Il Seme del Dio Demente

Quando rientrarono al Centro, Alessandro si sedette al computer e scrisse la sua relazione sulla cartella clinica di Katia, senza dire una parola.

Lorenz guardò prima lui, poi Nicko, con un punto di domanda negli occhi,
ma questi abbassò lo sguardo, facendo finta di cercare qualcosa nella sua scrivania.
Dopo quanto accaduto in Policlinico, non aveva idea di cosa dire e si sentiva in imbarazzo. Non era in grado di dare risposte neanche a sé stesso, e un feroce mal di testa aveva iniziato a tormentarlo, partendo dalla base del cranio.
Era come se il suo inconscio avesse rimosso una parte di quanto accaduto nella camera di degenza di Katia, ma ora stesse premendo per tornare...

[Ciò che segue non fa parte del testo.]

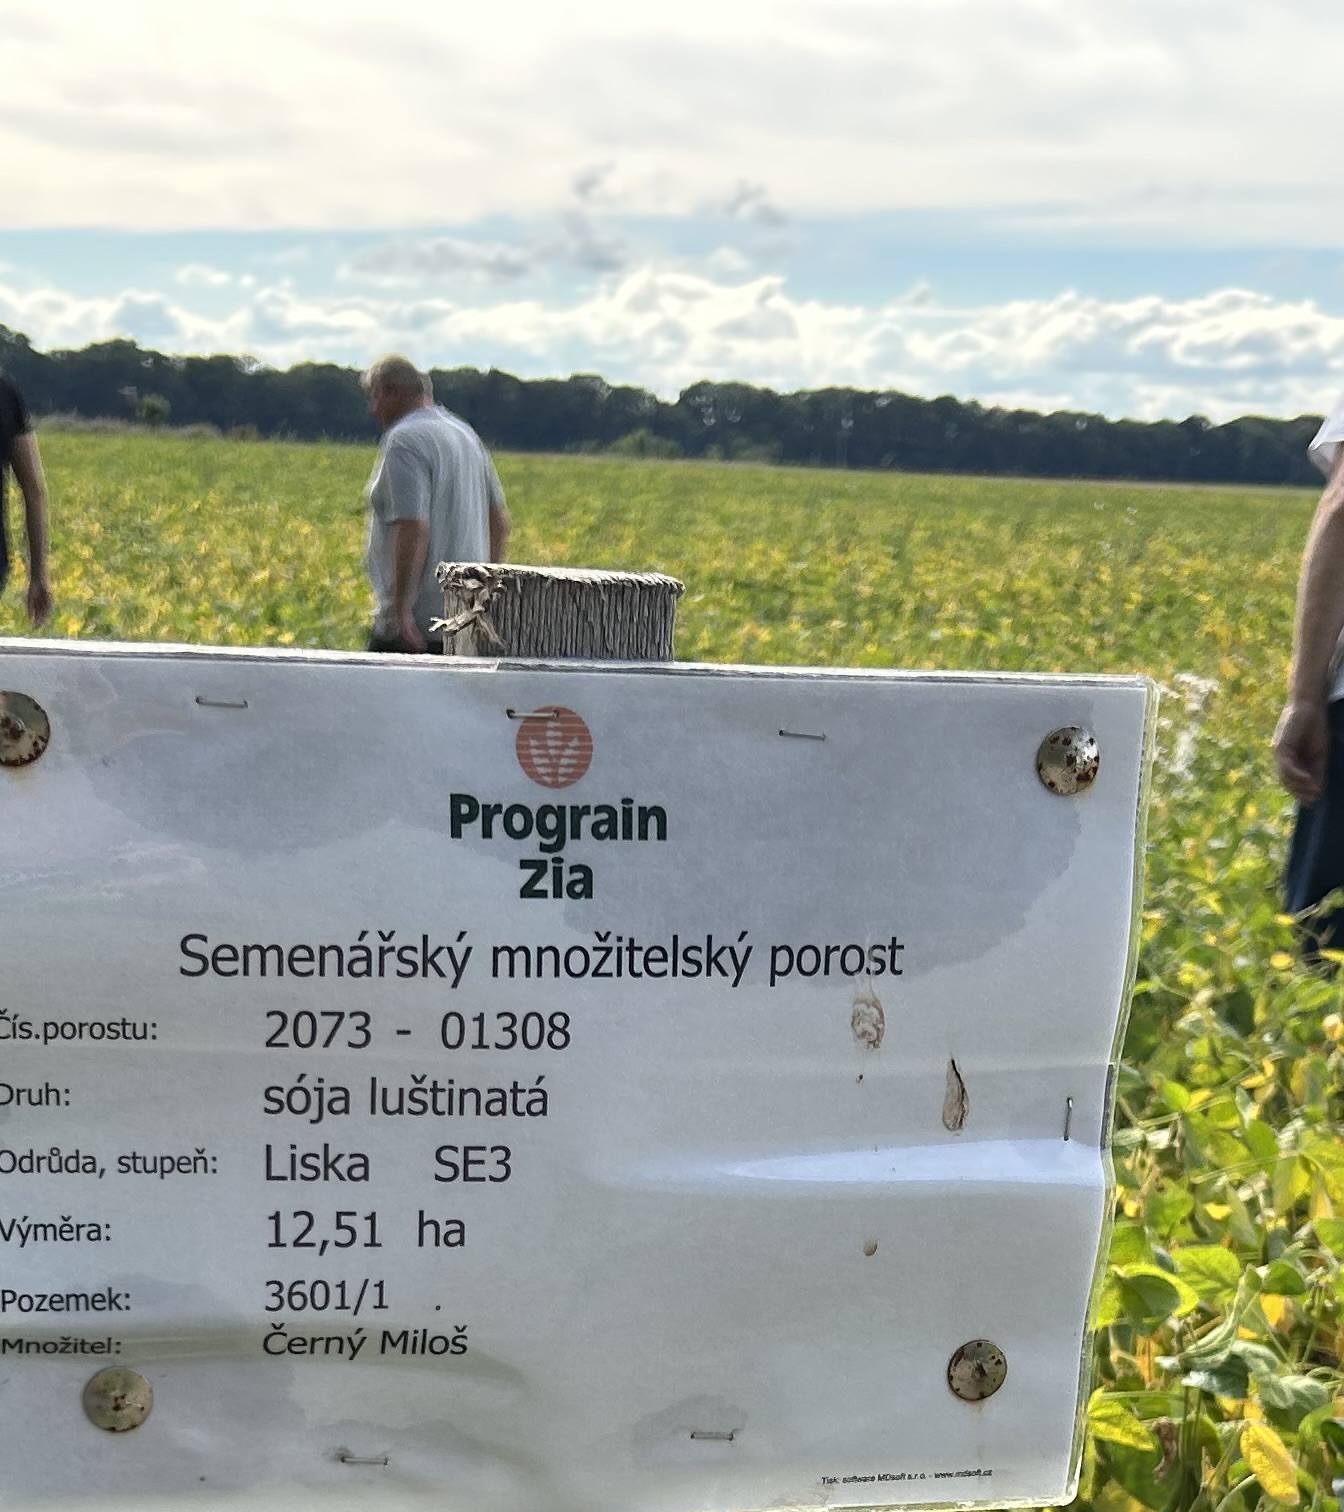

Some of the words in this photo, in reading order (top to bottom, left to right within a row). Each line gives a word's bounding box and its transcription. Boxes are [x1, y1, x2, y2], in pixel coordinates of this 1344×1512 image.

L'ingresso del coordinatore, Marco Rigoni nella segreteria infermieristica fu provvidenziale e spezzò l'atmosfera tesa che si stava creando.
«Ragazzi, abbiamo un po' di imprevisti da risolvere».
«Che succede?» chiese Alessandro, senza staccare gli occhi dal pc.
«Oggi è la seconda settimana che il signor Tornese non si presenta per la somministrazione del farmaco depot e il dottor Lauri teme che anche a casa non stia assumendo la terapia.
Chi di voi lo segue?»
«Non lo abbiamo ancora preso in carico. Lo seguiva Manuela, che non lavora più qui», rispose Alessandro. «Vuoi che me ne occupi io?»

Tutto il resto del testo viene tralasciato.